The ‘greatest generation’ at home topic of Sunday program

More than 130 persons, one of the largest audiences in recent years, heard how Greene County residents coped with World War Two at a Sunday afternoon hosted by the Greene County Historical Society.

Denise O'Brien Van
Denise O’Brien Van

Presenters were Mikki Schwarzkopf and Denise O’Brien Van. The two spent many months pouring over every issue of The Bee and the Jefferson Herald from the war years. “Our local papers were the epitome of good old-fashioned journalism, running stories that mattered. It was community journalism for the community,” Van said.

Their task was made greater by the quantity of news that was published at a time with fewer photos, smaller type and larger pages. Van said The Herald typically had as many as 20 stories on the front page. She and Scharzkopf didn’t look only at front pages, but at every page, to include pages of stories covering every town in the county, social events, the comings and goings of townsfolk, and “the boys,” the term used to refer to Greene County men serving in the armed forces. There were many references to Greene County women who served as nurses in the military, but “the boys” was the common collective reference.

Janet Durlam, secretary of the Historical Society, opened the program. She asked for a display of hands in the audience from people who remember World War Two; about 20 raised their hands.

Mikki Schwarzkopf
Mikki Schwarzkopf

Van and Schwarzkopf augmented their research with memories shared by Mary Lynch and Don Goodrich. Lynch recalls the entire school gathering to listen on a radio to President Roosevelt’s declaration of war against Japan Dec. 8, 1941. A poll of Herald readers a year earlier had shown that Greene County residents favored supporting the Allies financially, but not with troops.

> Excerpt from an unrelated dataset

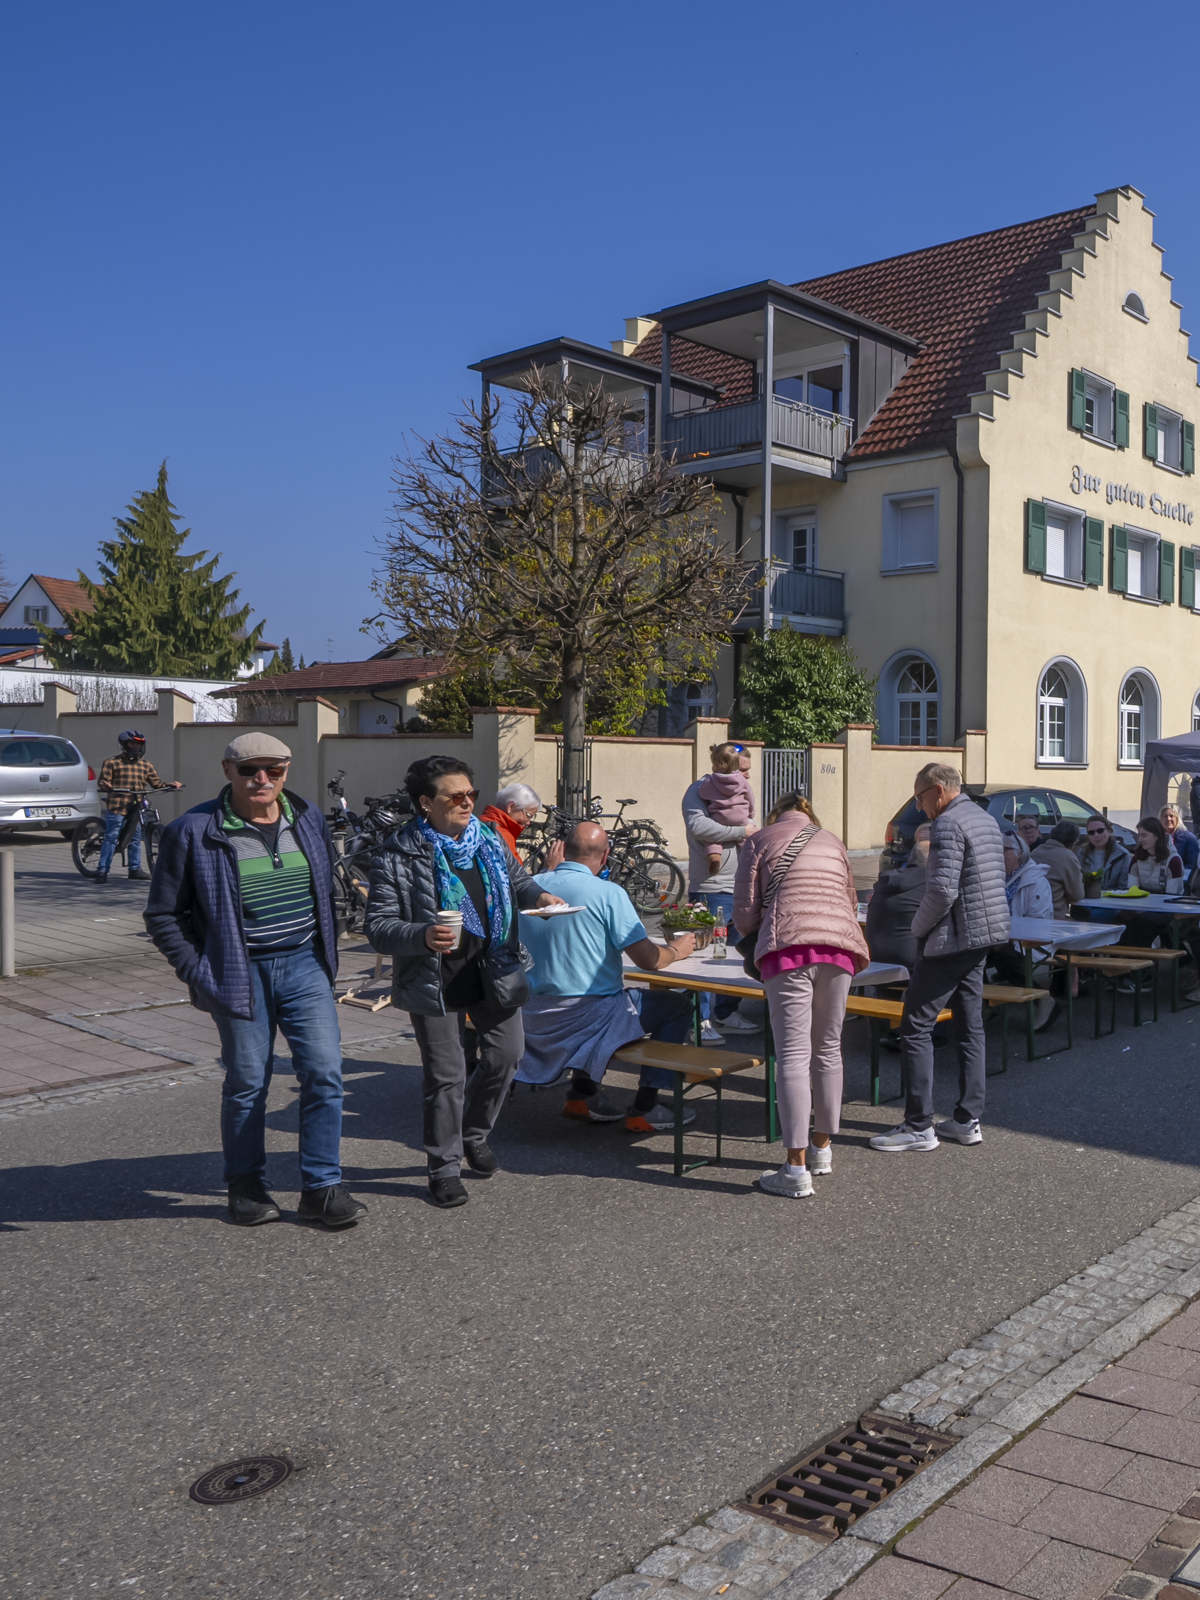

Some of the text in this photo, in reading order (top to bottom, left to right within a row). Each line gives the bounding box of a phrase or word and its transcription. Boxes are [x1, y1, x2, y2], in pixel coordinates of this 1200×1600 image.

The presenters spent two hours providing a condensed compilation of all they had learned about the Home Front, drawing a picture of how the war affected virtually every part of daily life. Although Greene County residents were separated from battle by thousands of miles, every resident, from the youngest to the oldest, was part of the war effort.

They spoke of the shortages of consumer goods, including ordinary items like alarm clocks, of rationing, of volunteer efforts wrapping bandages or knitting garments, of children collecting copper and bronze to pay their way into special matinees, of town dwellers and business men helping increase agricultural production despite a labor shortage created by the need for soldiers, of increased opportunities and responsibilities for women, and of Greene County residents investing in War Bonds to finance the war. County residents bought millions of dollars’ worth of War Bonds, and in 1945, Greene County was recognized for meeting its quota in all eight bond drives held.

By the numbers, 1,500 Greene County residents – 10 percent of the county’s total population – served in World War Two. Seventy percent of the young men served. Another 886 county residents registered for the draft but were not called up.

According to an Honor Roll at the Greene County courthouse, 93 Greene County residents died in World War Two.

The local papers published letters sent home by “the boys,” and some of those were shared. Included was a letter written by Cpl Dean Plumer after being part of the liberation of Dachau.

Not all stories were grim. The audience laughed of the story of Jefferson high school boys in January of 1943 protesting the girls’ new freedom to wear pants by wearing skirts and make-up to school. The protestors went as far as to wear skirts and serve a cheerleaders at a basketball game.

Van pointed out that the stories of Greene County were replicated all over the country. She referred to “a magnificent story of Greene County’s own “Greatest Generation” doing what needed to be done.”

Homefront uniformsVan and Schwarzkopf were assisted by Durlam, who prepared visuals for the program, and by Dianne Piepel of the Historical Society’s artifact committee helped assemble displays of World War Two. Those displays will remain in place and the museum will be open this Wednesday, Veterans Day, from 1 to 4 pm for those who haven’t yet seen them.